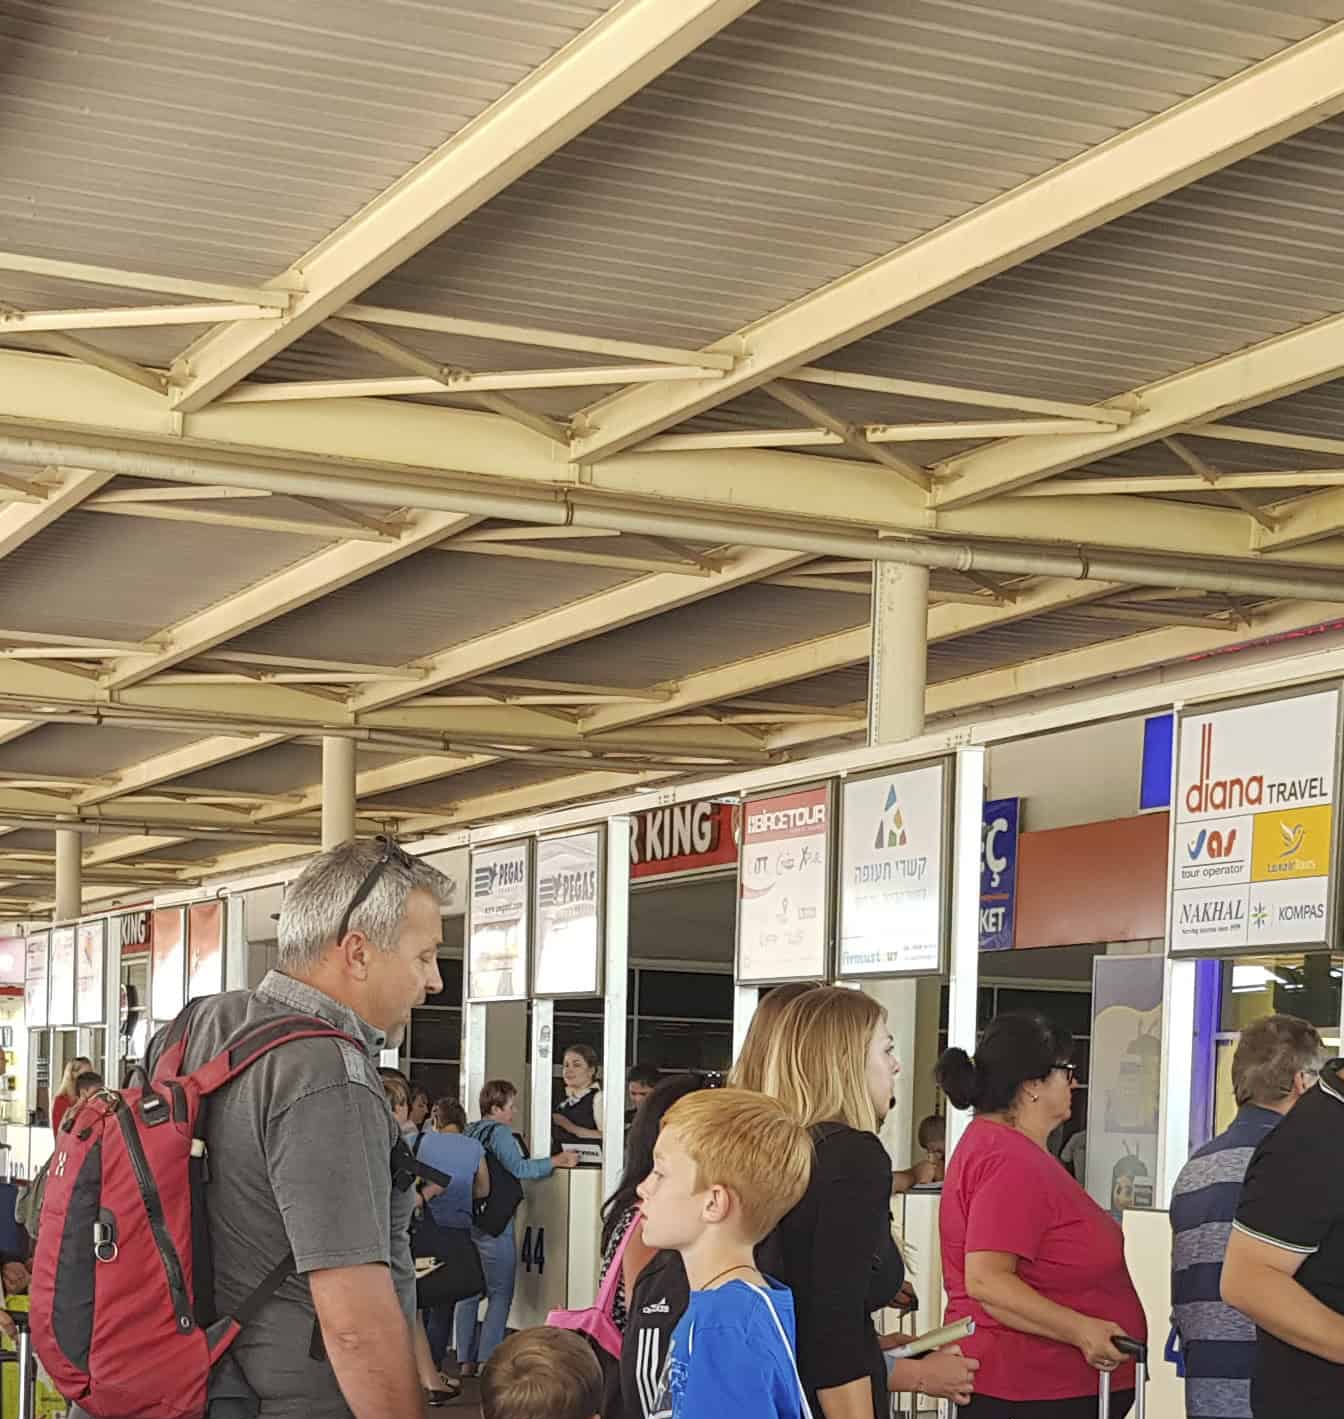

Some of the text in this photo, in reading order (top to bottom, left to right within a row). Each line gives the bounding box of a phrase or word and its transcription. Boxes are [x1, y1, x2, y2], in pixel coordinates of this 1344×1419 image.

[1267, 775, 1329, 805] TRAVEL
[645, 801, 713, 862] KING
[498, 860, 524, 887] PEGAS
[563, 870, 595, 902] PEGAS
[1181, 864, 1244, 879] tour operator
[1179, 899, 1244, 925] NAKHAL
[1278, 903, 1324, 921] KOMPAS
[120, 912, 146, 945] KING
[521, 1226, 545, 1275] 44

========================================================================

**What is needed**
Copy the data word for word, no pictures.

**Response**
Some of the text in this photo, in reading order (top to bottom, left to right within a row). Each line gives the bounding box of a phrase or word and its transcription. Boxes are [x1, y1, x2, y2], in pixel coordinates of this 1344×1419 image.

[1267, 775, 1329, 805] TRAVEL
[645, 801, 713, 862] KING
[498, 860, 524, 887] PEGAS
[563, 870, 595, 902] PEGAS
[1181, 864, 1244, 879] tour operator
[1179, 899, 1244, 925] NAKHAL
[1278, 903, 1324, 921] KOMPAS
[120, 912, 146, 945] KING
[521, 1226, 545, 1275] 44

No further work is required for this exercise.